Attorney General Ken Paxton has asked the Texas Supreme Court to weigh in on the state's vote-by-mail laws, bypassing a state appeals court.
The Texas Democratic Party sued state and local election officials in March to get clarification on whether state law allows voters who don't want to risk exposure to the coronavirus to use mail-in ballots during elections in July and November.
Last month, a Travis County district judge sided with plaintiffs in the case, effectively opening up mail-in voting in the state.
Paxton filed a petition Wednesday directly with the Texas Supreme Court, however, “requesting that the court compel the early-voting clerks for Dallas, Cameron, El Paso, Harris and Travis Counties to follow Texas law on mail-in ballots,” according to a press release from his office.
“Preparations for the upcoming elections have already begun, and Respondents are urging voters to apply to vote by mail even when those voters do not meet the Legislature’s test for eligibility to do so,” his petition says. “Every day that passes, more applications are submitted, and it becomes increasingly challenging to disentangle voters who meet the statutory definition of ‘disabled’ from those who do not. The damage to election integrity increases with every day that Respondents misapply Texas law.”
Despite the back and forth in the courts, local election officials have said voters are free to seek a ballot by mail.
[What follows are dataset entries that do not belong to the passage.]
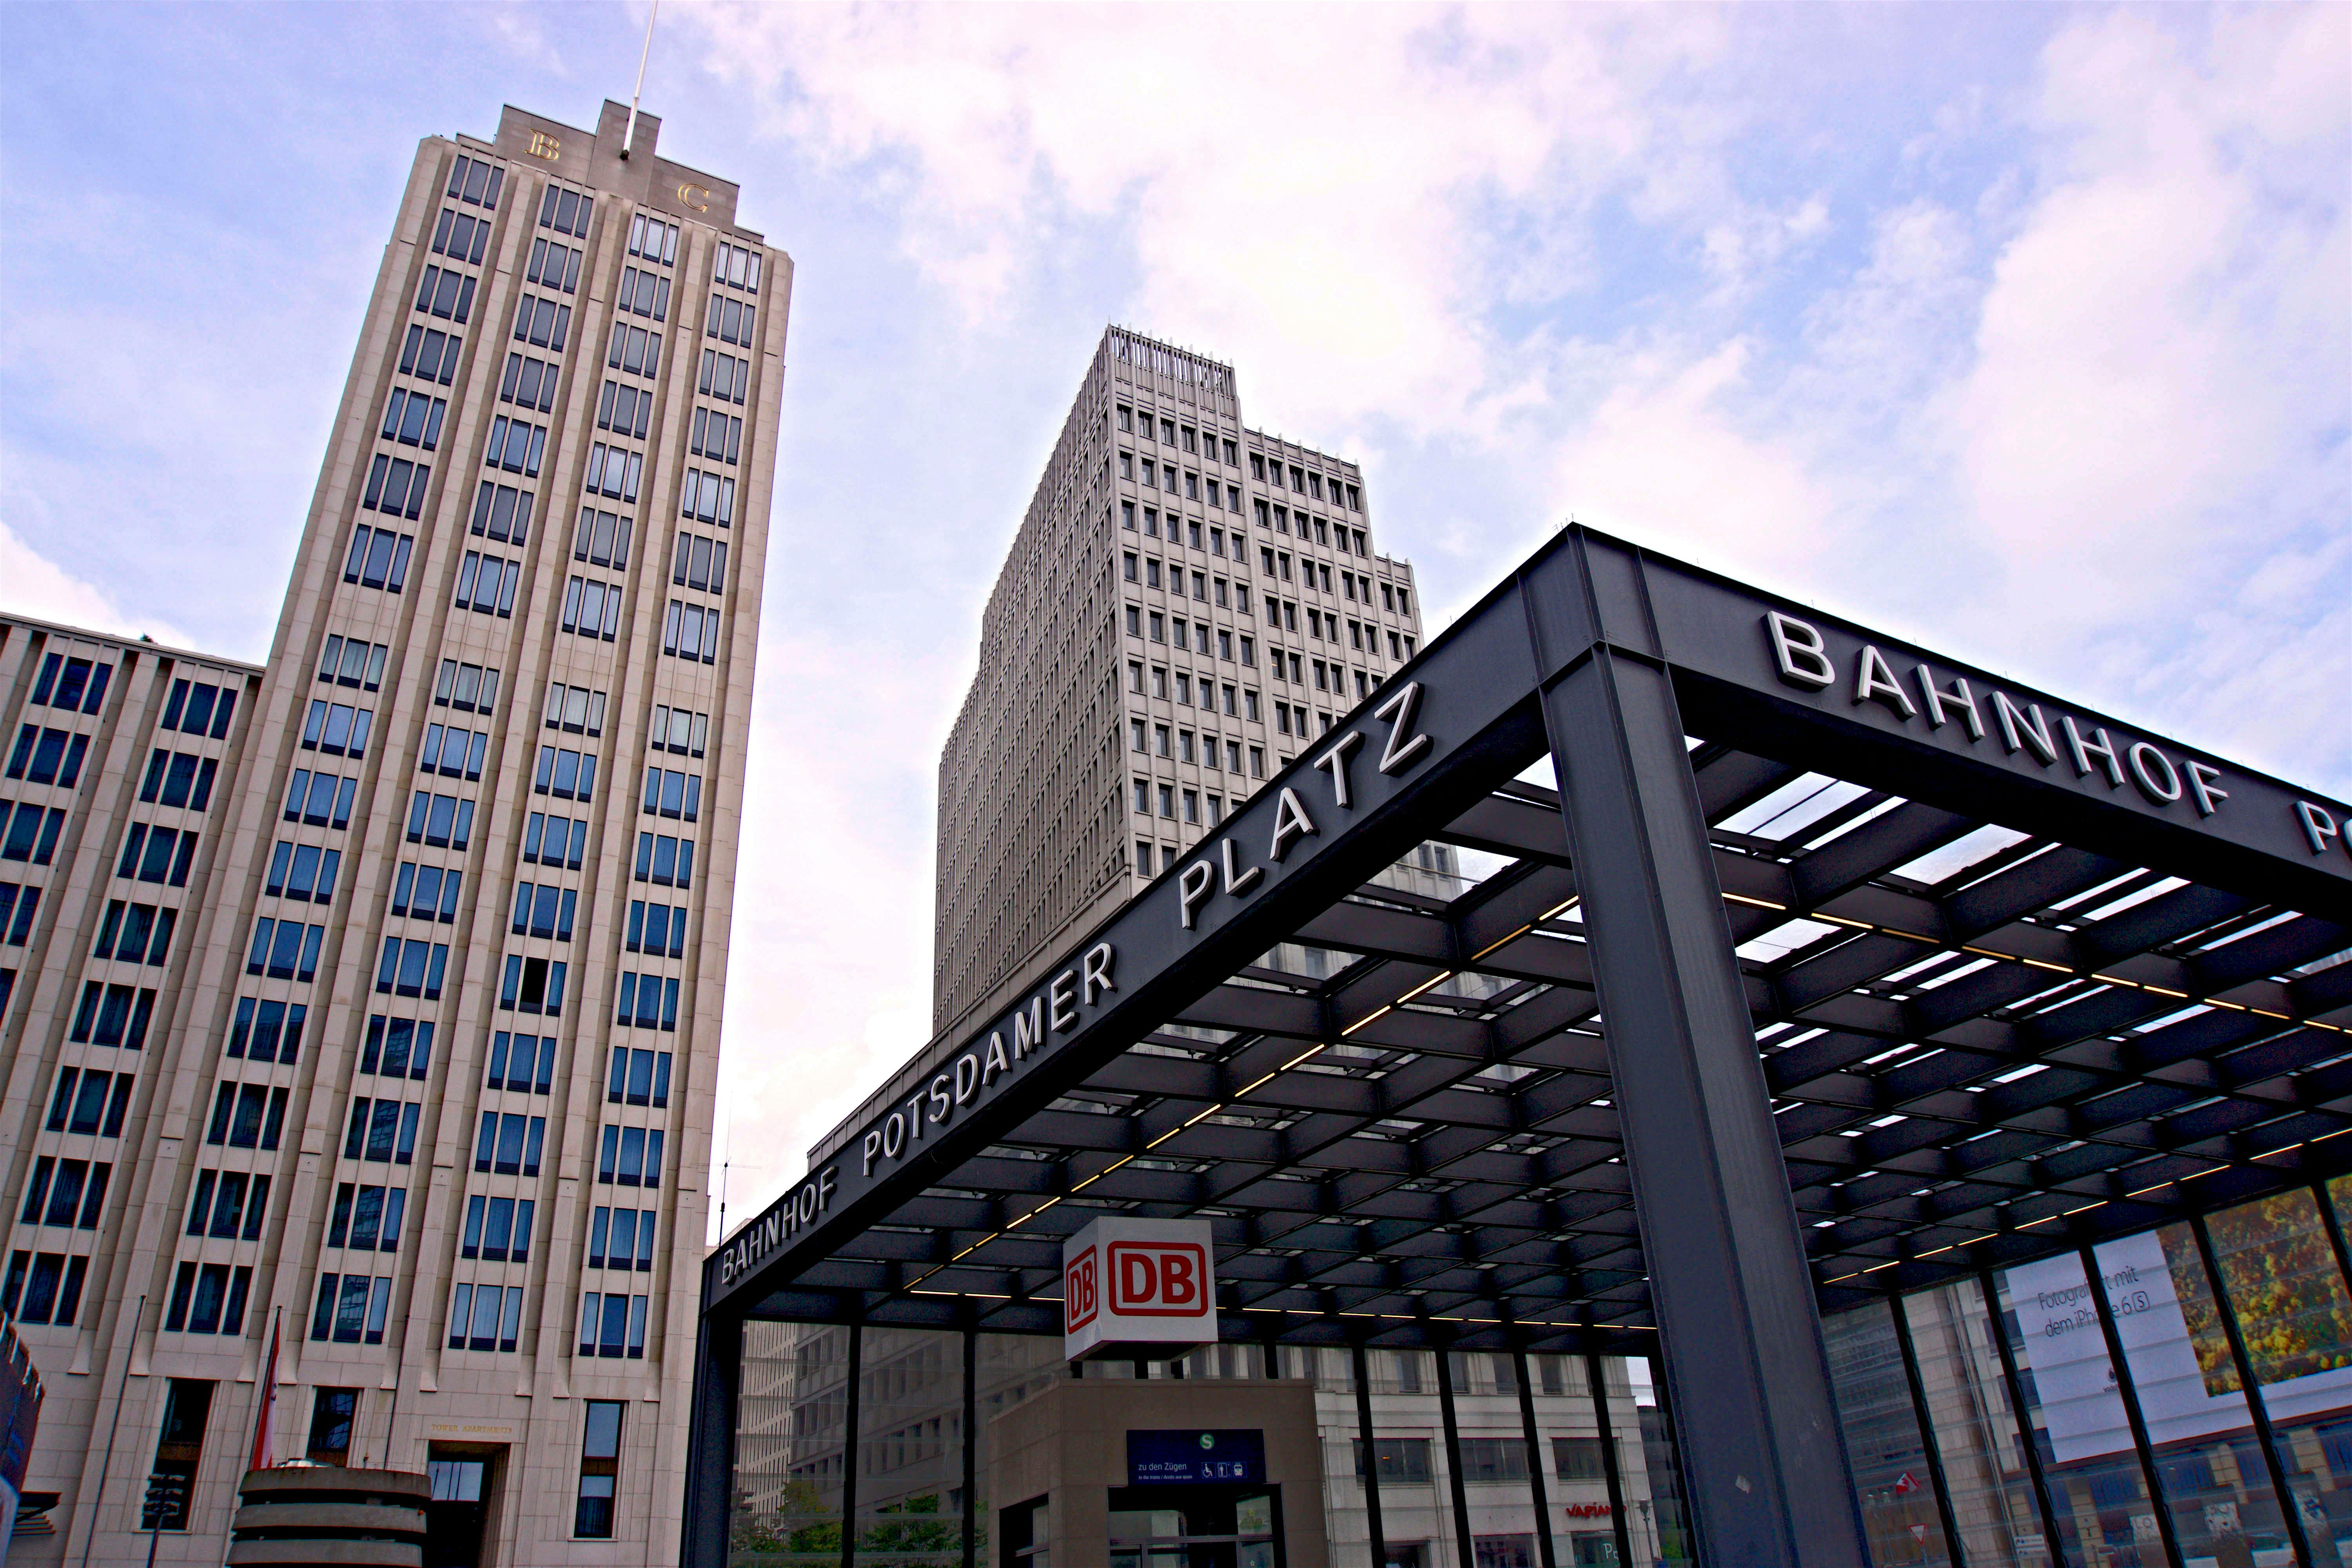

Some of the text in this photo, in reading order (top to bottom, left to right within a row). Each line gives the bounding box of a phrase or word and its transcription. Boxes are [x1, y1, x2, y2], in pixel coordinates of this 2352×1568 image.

[524, 129, 709, 212] B C
[1766, 610, 2352, 851] BAHNHOF P
[722, 681, 1427, 1285] BAHNHOF POTSDAMER PLATZ
[1070, 1260, 1094, 1321] DB
[1121, 1253, 1196, 1304] DB
[2114, 1266, 2139, 1287] mit
[2045, 1318, 2074, 1337] dem
[1149, 1462, 1163, 1471] den
[1164, 1462, 1187, 1472] Zügen
Under state law, these officials don’t have the authority to question the excuse an applicant uses to seek a mail-in ballot, even if they are requesting one under the disability category.
Voting rights groups have argued since early on in the pandemic that the state should be moving quickly to ensure there is a safe way for Texans to vote this year.
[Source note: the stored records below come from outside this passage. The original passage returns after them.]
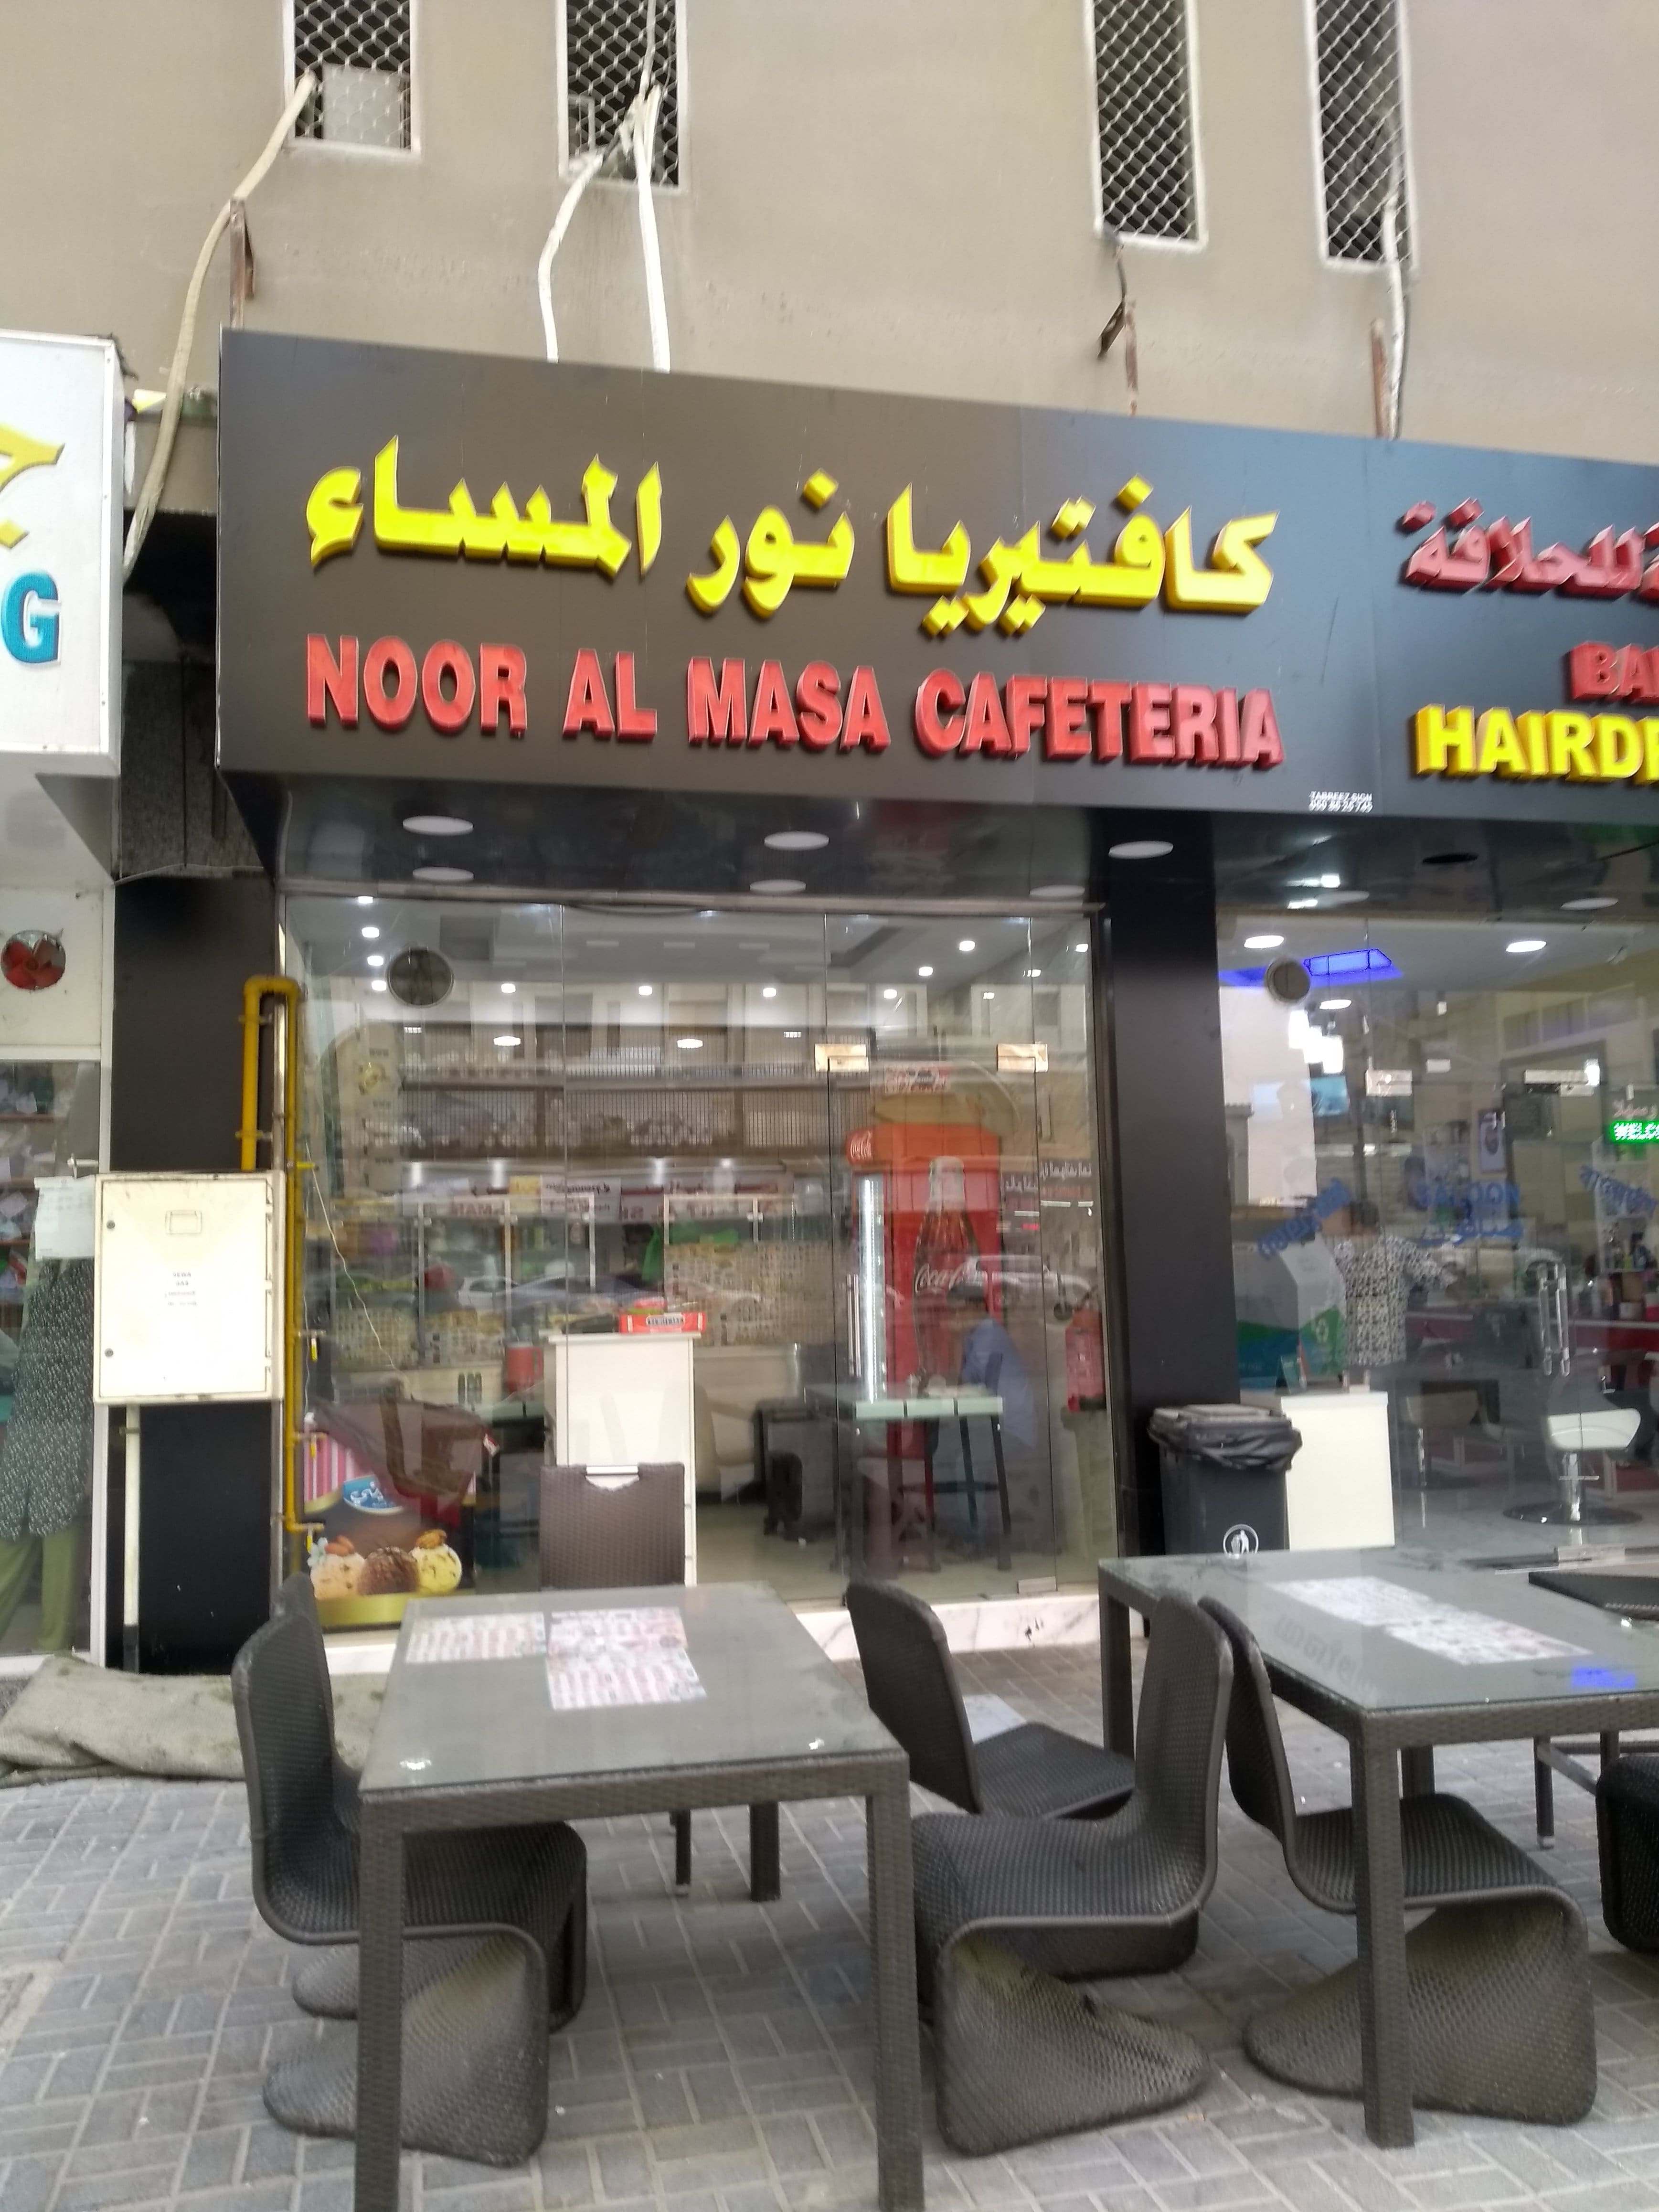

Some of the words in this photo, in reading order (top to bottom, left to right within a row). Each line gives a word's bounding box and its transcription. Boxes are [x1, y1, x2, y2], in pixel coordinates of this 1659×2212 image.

[307, 435, 662, 575] المساء
[687, 468, 855, 617] نور
[887, 474, 1279, 636] كافتيريا
[1402, 498, 1644, 597] للحلاقة
[307, 634, 528, 737] NOOR
[563, 649, 658, 741] AL
[687, 657, 891, 753] MASA
[915, 668, 1286, 770] CAFETERIA
Josh Levin, the election protection outreach fellow at the Texas Civil Rights Project, has said the state’s ballot-by-mail system was not effectively serving voters well before the pandemic.
“We have the resources right now to be able to loosen the restrictions on vote-by-mail,” he told KUT in March. “We have the moral authority … to make sure people’s right to vote is not impeded.”
The Texas Civil Rights Project also recently asked a lower court to stop Paxton from threatening local officials and undermining the previous district court order.
In the meantime, Paxton has contradicted that order in public statements.
“It is unfortunate that certain county election officials have refused to perform their duties and have instead unlawfully gone beyond the Legislature’s determination of who is eligible to vote by mail,” he said in a statement Wednesday. “My office will continue to defend the integrity of Texas’s election laws.”